### Problem to work on
Word for word, restate the records that appear below.

### Exercise input
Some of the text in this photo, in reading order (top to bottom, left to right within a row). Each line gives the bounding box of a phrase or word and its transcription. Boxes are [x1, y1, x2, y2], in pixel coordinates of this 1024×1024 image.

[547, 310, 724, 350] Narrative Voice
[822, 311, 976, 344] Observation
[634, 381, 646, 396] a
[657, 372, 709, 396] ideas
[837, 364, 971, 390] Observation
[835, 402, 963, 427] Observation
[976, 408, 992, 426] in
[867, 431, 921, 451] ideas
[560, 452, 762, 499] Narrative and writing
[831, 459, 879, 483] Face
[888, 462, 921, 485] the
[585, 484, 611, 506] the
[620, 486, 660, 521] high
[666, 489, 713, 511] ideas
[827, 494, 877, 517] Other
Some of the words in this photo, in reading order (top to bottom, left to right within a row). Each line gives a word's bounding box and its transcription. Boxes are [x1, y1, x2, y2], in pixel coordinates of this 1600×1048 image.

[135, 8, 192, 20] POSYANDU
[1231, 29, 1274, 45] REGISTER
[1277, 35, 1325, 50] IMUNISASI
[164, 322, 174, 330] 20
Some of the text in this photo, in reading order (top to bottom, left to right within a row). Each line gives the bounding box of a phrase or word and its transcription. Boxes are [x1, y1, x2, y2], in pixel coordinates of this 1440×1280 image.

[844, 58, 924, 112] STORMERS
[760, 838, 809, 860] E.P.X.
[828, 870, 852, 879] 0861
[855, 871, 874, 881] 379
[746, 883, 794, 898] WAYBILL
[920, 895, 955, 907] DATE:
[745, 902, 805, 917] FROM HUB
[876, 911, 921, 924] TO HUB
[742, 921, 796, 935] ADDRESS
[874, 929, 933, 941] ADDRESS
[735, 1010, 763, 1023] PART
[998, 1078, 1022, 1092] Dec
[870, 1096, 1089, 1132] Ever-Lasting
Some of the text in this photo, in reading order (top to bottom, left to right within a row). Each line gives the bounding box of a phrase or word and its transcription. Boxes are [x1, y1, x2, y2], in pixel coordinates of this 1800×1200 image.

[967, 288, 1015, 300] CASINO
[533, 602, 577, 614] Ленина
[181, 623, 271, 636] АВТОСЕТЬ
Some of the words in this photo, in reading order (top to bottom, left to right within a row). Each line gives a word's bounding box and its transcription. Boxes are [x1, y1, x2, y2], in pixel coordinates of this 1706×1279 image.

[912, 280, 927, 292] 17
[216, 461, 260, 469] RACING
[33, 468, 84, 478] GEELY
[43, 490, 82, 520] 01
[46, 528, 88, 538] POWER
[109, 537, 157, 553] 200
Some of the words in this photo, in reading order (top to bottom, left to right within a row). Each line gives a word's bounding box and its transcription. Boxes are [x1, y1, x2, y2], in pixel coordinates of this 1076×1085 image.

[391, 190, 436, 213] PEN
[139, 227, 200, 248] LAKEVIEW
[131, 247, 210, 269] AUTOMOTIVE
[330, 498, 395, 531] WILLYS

### Solution below
Some of the text in this photo, in reading order (top to bottom, left to right within a row). Each line gives the bounding box of a phrase or word and its transcription. Boxes are [x1, y1, x2, y2], in pixel coordinates of this 1024×1024 image.

[547, 310, 724, 350] Narrative Voice
[822, 311, 976, 344] Observation
[634, 381, 646, 396] a
[657, 372, 709, 396] ideas
[837, 364, 971, 390] Observation
[835, 402, 963, 427] Observation
[976, 408, 992, 426] in
[867, 431, 921, 451] ideas
[560, 452, 762, 499] Narrative and writing
[831, 459, 879, 483] Face
[888, 462, 921, 485] the
[585, 484, 611, 506] the
[620, 486, 660, 521] high
[666, 489, 713, 511] ideas
[827, 494, 877, 517] Other
Some of the words in this photo, in reading order (top to bottom, left to right within a row). Each line gives a word's bounding box and its transcription. Boxes are [x1, y1, x2, y2], in pixel coordinates of this 1600×1048 image.

[135, 8, 192, 20] POSYANDU
[1231, 29, 1274, 45] REGISTER
[1277, 35, 1325, 50] IMUNISASI
[164, 322, 174, 330] 20
Some of the text in this photo, in reading order (top to bottom, left to right within a row). Each line gives the bounding box of a phrase or word and its transcription. Boxes are [x1, y1, x2, y2], in pixel coordinates of this 1440×1280 image.

[844, 58, 924, 112] STORMERS
[760, 838, 809, 860] E.P.X.
[828, 870, 852, 879] 0861
[855, 871, 874, 881] 379
[746, 883, 794, 898] WAYBILL
[920, 895, 955, 907] DATE:
[745, 902, 805, 917] FROM HUB
[876, 911, 921, 924] TO HUB
[742, 921, 796, 935] ADDRESS
[874, 929, 933, 941] ADDRESS
[735, 1010, 763, 1023] PART
[998, 1078, 1022, 1092] Dec
[870, 1096, 1089, 1132] Ever-Lasting
Some of the text in this photo, in reading order (top to bottom, left to right within a row). Each line gives the bounding box of a phrase or word and its transcription. Boxes are [x1, y1, x2, y2], in pixel coordinates of this 1800×1200 image.

[967, 288, 1015, 300] CASINO
[533, 602, 577, 614] Ленина
[181, 623, 271, 636] АВТОСЕТЬ
Some of the words in this photo, in reading order (top to bottom, left to right within a row). Each line gives a word's bounding box and its transcription. Boxes are [x1, y1, x2, y2], in pixel coordinates of this 1706×1279 image.

[912, 280, 927, 292] 17
[216, 461, 260, 469] RACING
[33, 468, 84, 478] GEELY
[43, 490, 82, 520] 01
[46, 528, 88, 538] POWER
[109, 537, 157, 553] 200
Some of the words in this photo, in reading order (top to bottom, left to right within a row). Each line gives a word's bounding box and its transcription. Boxes are [x1, y1, x2, y2], in pixel coordinates of this 1076×1085 image.

[391, 190, 436, 213] PEN
[139, 227, 200, 248] LAKEVIEW
[131, 247, 210, 269] AUTOMOTIVE
[330, 498, 395, 531] WILLYS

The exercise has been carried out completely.